Whole Farm Income Insurance

Article excerpt

ABSTRACT

This article employs a mathematical programming model to investigate farmers' optimal crop choices under gross revenue insurance, whole farm income insurance (WFI), the Canadian Agricultural Income Stabilization (CAIS) program, and its modified 2008 program AgrInvest. WFI poses a particularly interesting problem since the indemnity/premium structure is dependent upon the choice of crops, whereas the choice of crops is simultaneously influenced by the presence of the whole farm insurance program. Results indicate that farmers will alter farm plans significantly in response to the type of insurance offered and the level of subsidy.

INTRODUCTION

The advent of modern risk management in agriculture is increasingly becoming focused on whole farm income insurance (WFI). By WFI it is meant that a single policy is provided, which covers the covariate risk of jointly produced farm crop and livestock enterprises. The insurer and the insured must balance a host of random variables including yield risk, price risk, and their correlations that make up the entire probability complex that combines to form the joint risks between crops.

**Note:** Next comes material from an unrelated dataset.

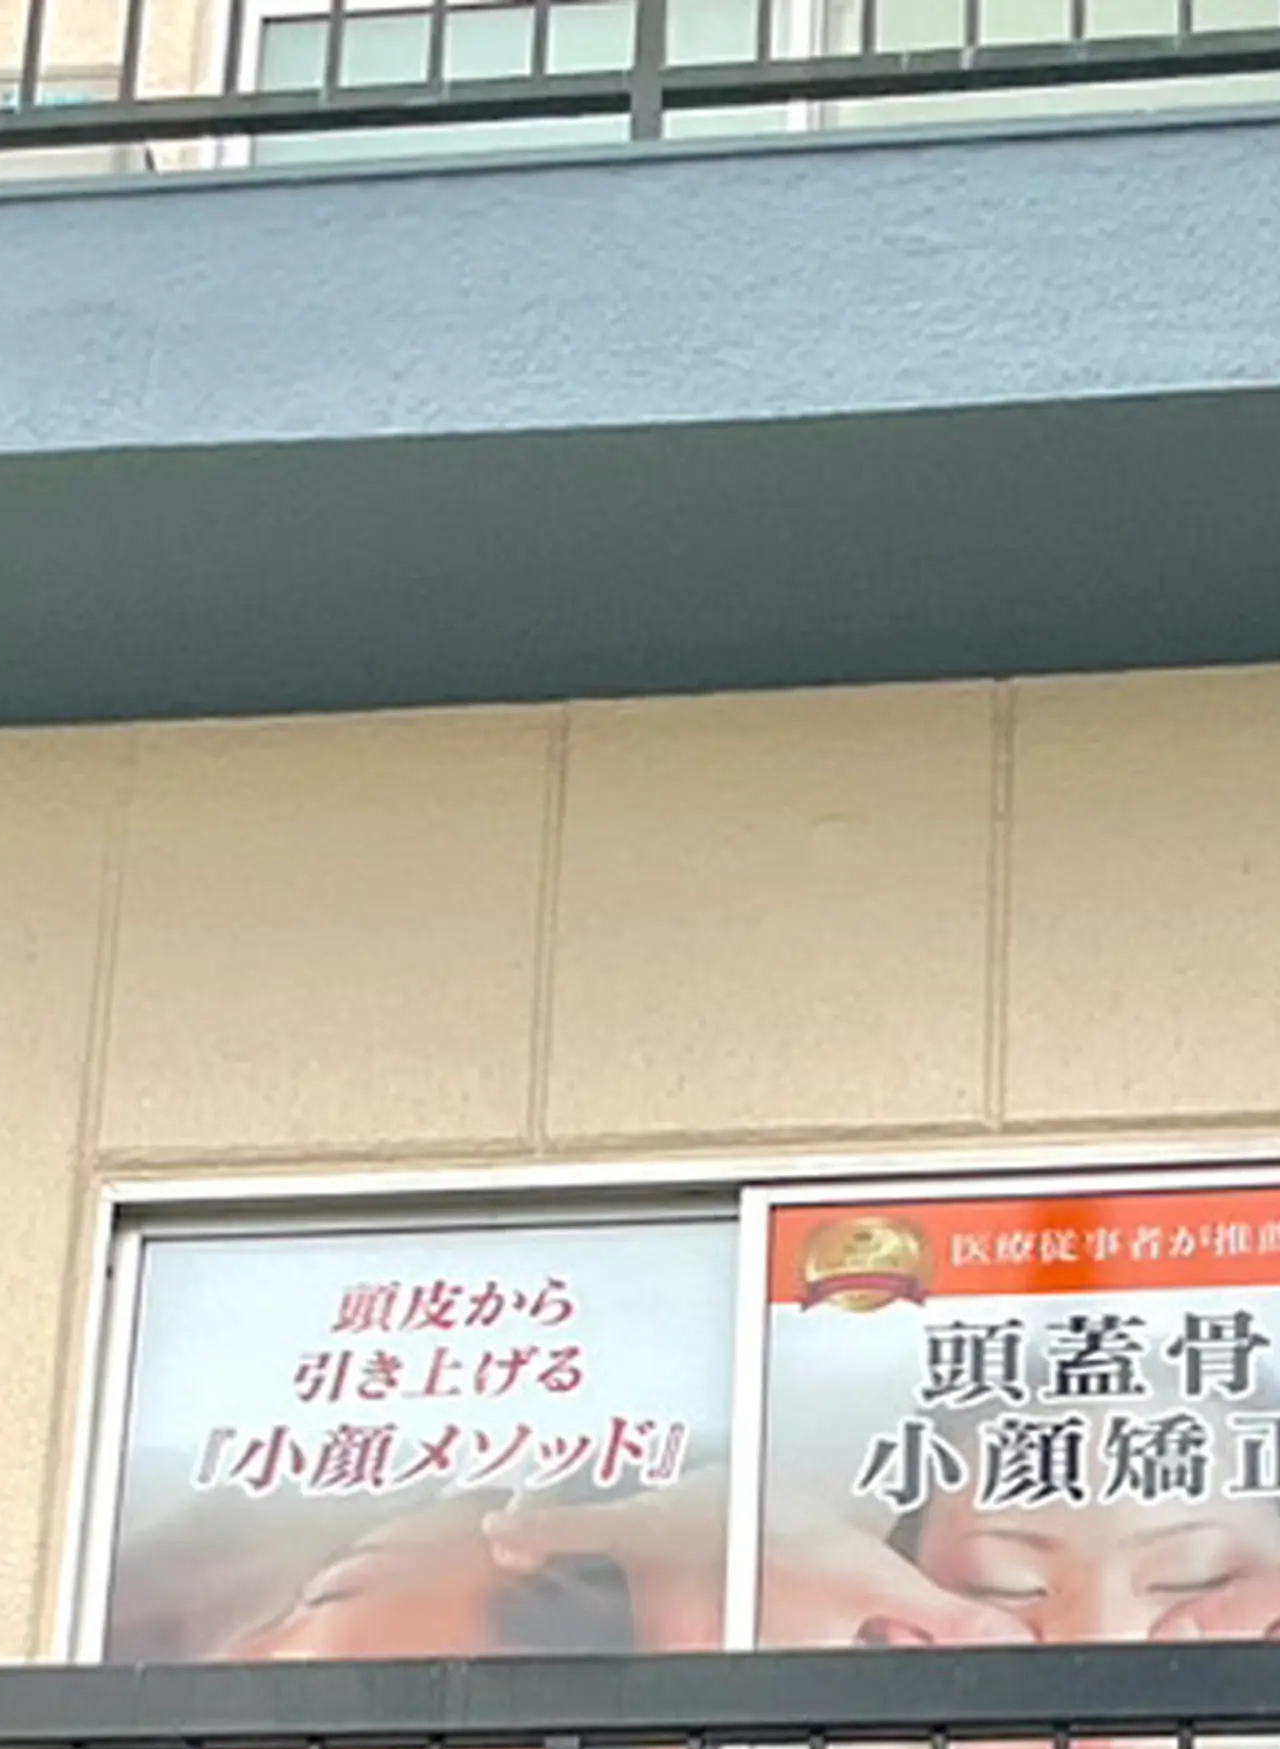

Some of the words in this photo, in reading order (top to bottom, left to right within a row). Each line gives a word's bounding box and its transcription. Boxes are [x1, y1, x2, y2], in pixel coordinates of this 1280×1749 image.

In addition crops can be grown in a multitude of combinations with new crops being added and removed, or production patterns defined by crop rotational constraints on production.

Whole farm insurance is a separate and distinct approach to those farm safety nets that focus on crop-specific insurance, price insurance and stabilization, or enterprise revenue insurance. Explorations into income insurance in Canada and the United States have been conducted by Turvey and Amanor-Boadu (1989), Hennessy, Babcock, and Hayes (1997), Hennessy, Saak, and Babcock (2003), and Dismukes and Durst (2006), and in a European context by Diaz-Caneja and Garrido (2009) and Meuwissen, Huirne, and Skees (2003) but none, for a variety of reasons, are satisfactory from an economic point of view. The most serious deficiency, and that which is most explored in this article, is the endogeneity of the insurance decision on crop choices. The conventional approach is to define a crop mix and then use Monte Carlo simulation to look at the impact of income insurance on risk reduction, but these types of studies fail to account for how the insurance itself will influence farm plans and strategy. Perhaps the most thorough study of income insurance to date is by Dismukes and Durst (2006). There they recommend a whole farm approach that does not require savings account balances such as Canada's Canadian Agricultural Income Stabilization (CAIS) program or income insurance savings in Australia but rather a whole farm approach that is based on portfolio indemnities and premiums. This is along the lines of the Adjusted Gross Revenue (AGR) and AGR-Lite programs in the United States, which they describe as whole farm revenue insurance coverage for multiple agricultural commodities under one insurance product. In Canada and the United States, these whole farm programs use tax information as a base to provide a level of guaranteed revenue for the insurance period. My interest here is not so much the mechanics of how tax filer information is used but the economic consequences of WFI on farm decisions. In fact, in the forgoing analysis, I ignore the tax filer approach because using past tax filer information may not accurately reflect the choices of the present and from an economic point of view are probably most valuable as a means to determine coverage levels rather than indemnities.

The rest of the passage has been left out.